Die notwendige Nachrüstung
Nein; auf absehbare Zeit muss sich die Republik darauf fokussieren, selbst wehrfähig zu werden. Die türkis-grüne Koalition hat da schon einiges richtig gemacht: Die Milliardeninvestitionen, die zumindest den gröbsten Nachrüstungsbedarf des Heeres in den nächsten Jahren abdecken, waren ein guter Schritt, wie auch die Teilnahme an dem internationalen „Skyshield“-Programm.

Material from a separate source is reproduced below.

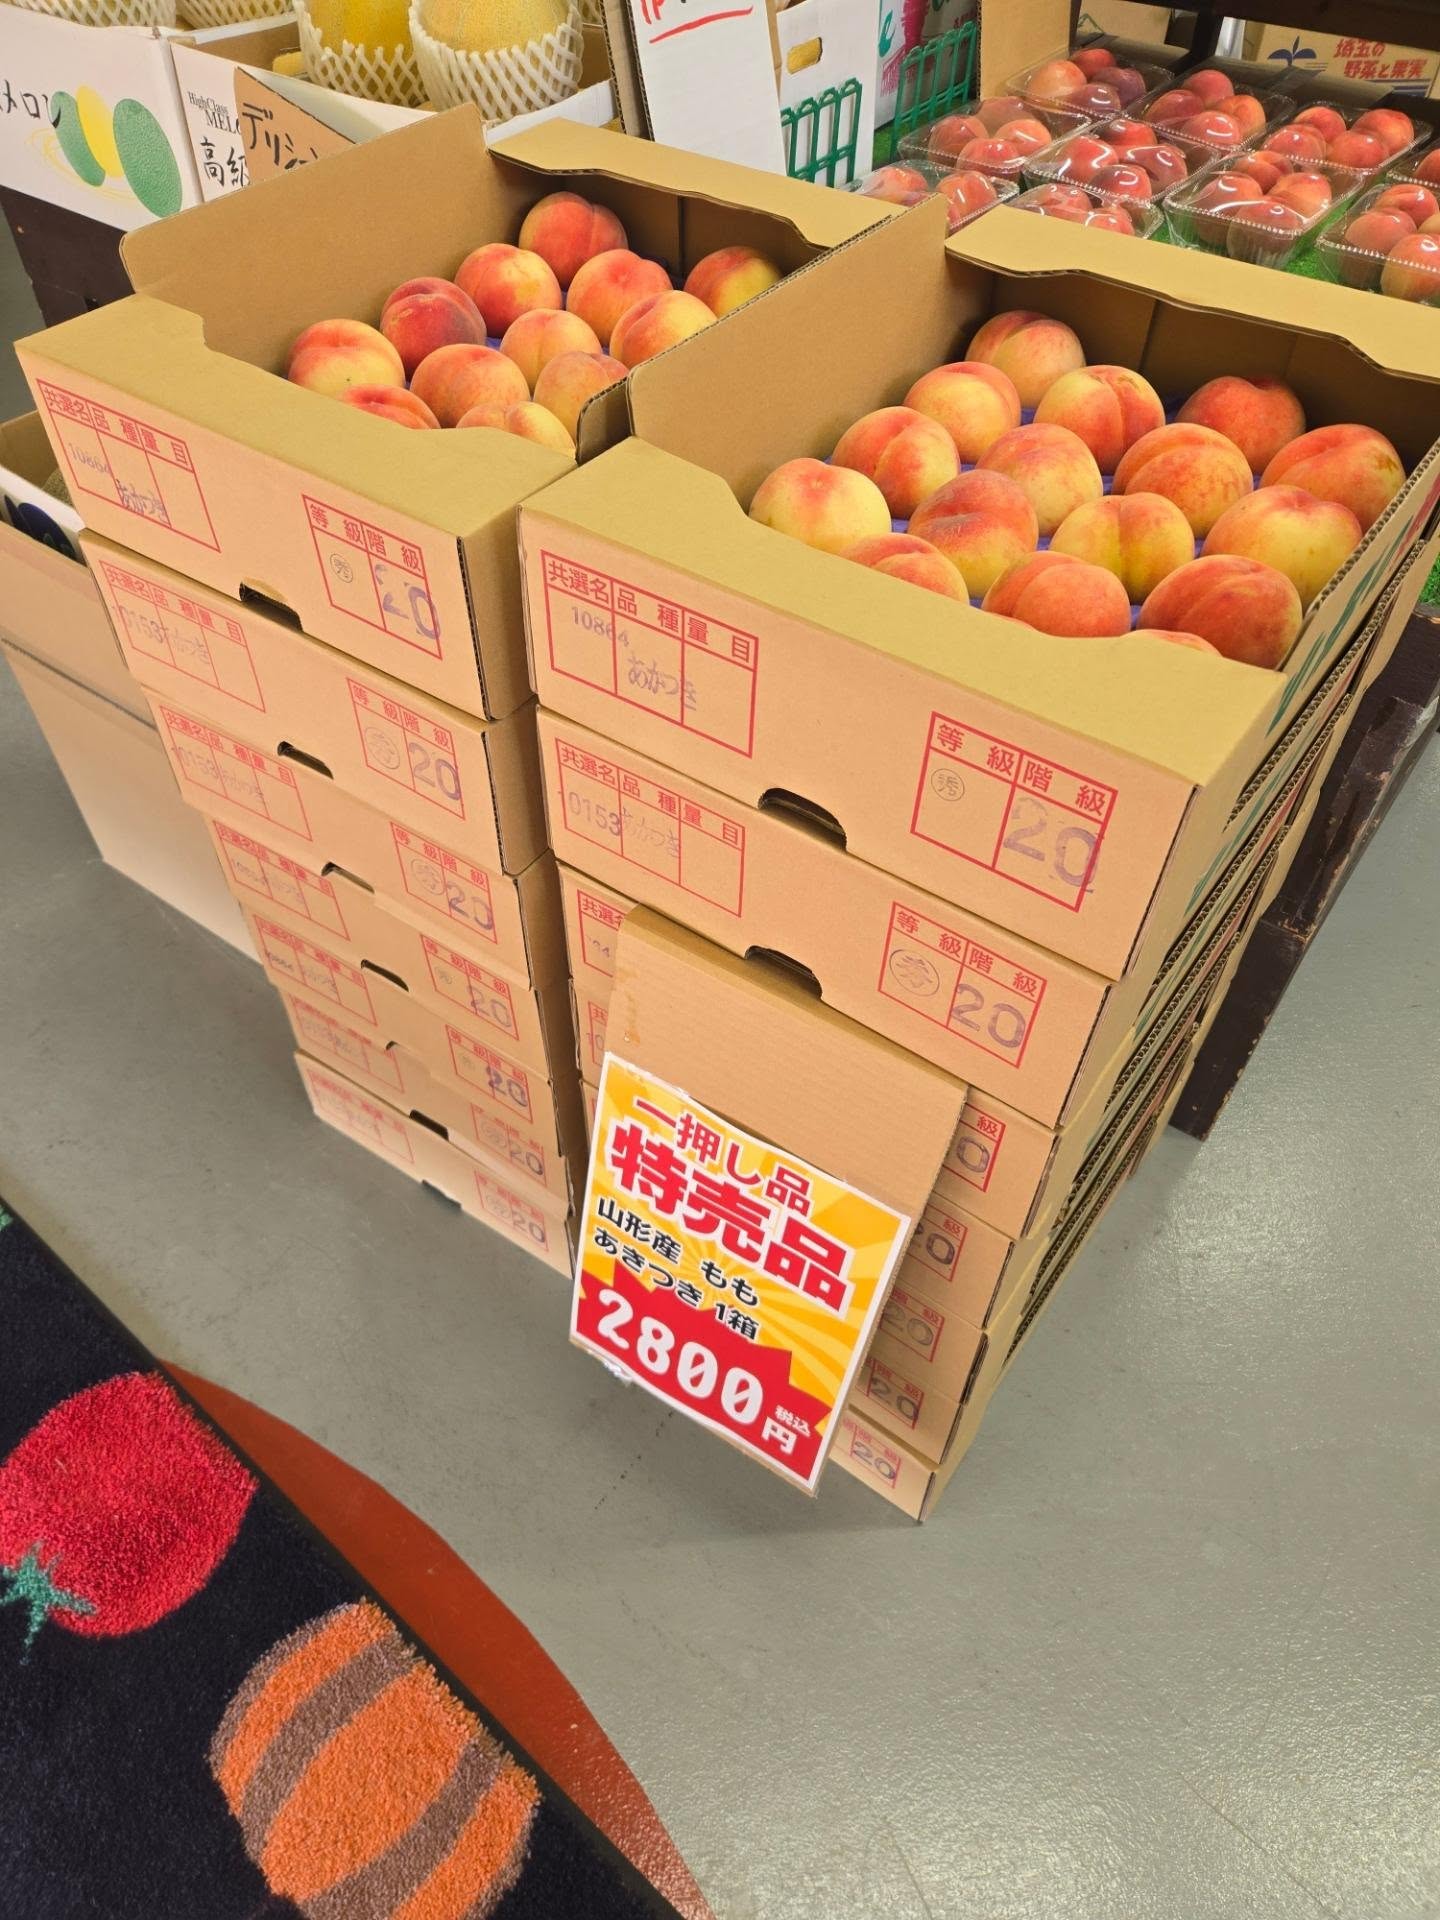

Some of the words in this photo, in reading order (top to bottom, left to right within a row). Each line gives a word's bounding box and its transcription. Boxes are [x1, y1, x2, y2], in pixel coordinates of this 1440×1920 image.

Was ebenso dringend notwendig wäre: eine personelle Nachrüstung. Und zwar nicht nur, was die Berufsoffiziere angeht, sondern besonders bei den einfachen Soldaten. Bei der unseligen Volksbefragung 2013 hat sich Österreich entschieden, weiterhin auf – zuvor durch Verkürzung und Streichung verpflichtender Übungen unterhöhlte - Wehrpflicht und Miliz zu setzen, in der Folge aber zu wenig getan, um dieses System wieder in Form zu bringen.

Ohne verpflichtende Übungen in den Jahren nach dem Wehrdienst geht (besonders bei komplexeren Funktionen) die Kompetenz der Soldaten verloren – was heißt, wir bilden jedes Jahr zehntausende junge Männer (und einige Frauen) an der Waffe aus, um diese Expertise dann gleich wieder sausen zu lassen. Das ist widersinnig. Wer es mit der Landesverteidigung ernst meint, wird – wie es die FPÖ zu Recht fordert – zumindest die verpflichtenden Milizübungen wieder einführen müssen, auch wenn das ein paar Wochen lang Arbeitskräfte bindet. 

Außerdem wird sich die nächste Regierung – trotzdem – überlegen müssen, wie sie den Wehrdienst attraktiver macht, um auch in geburtenschwachen Jahrgängen bei steigender Untauglichkeit zumindest die Grundfunktionen im Heer besetzen zu können. Das wird wiederum Probleme bei den Hilfsorganisationen machen, die auf Zivildiener angewiesen sind …

Sie sehen: Allein verteidigungspolitisch gibt es genug zu diskutieren – ganz ohne die Nato-Frage.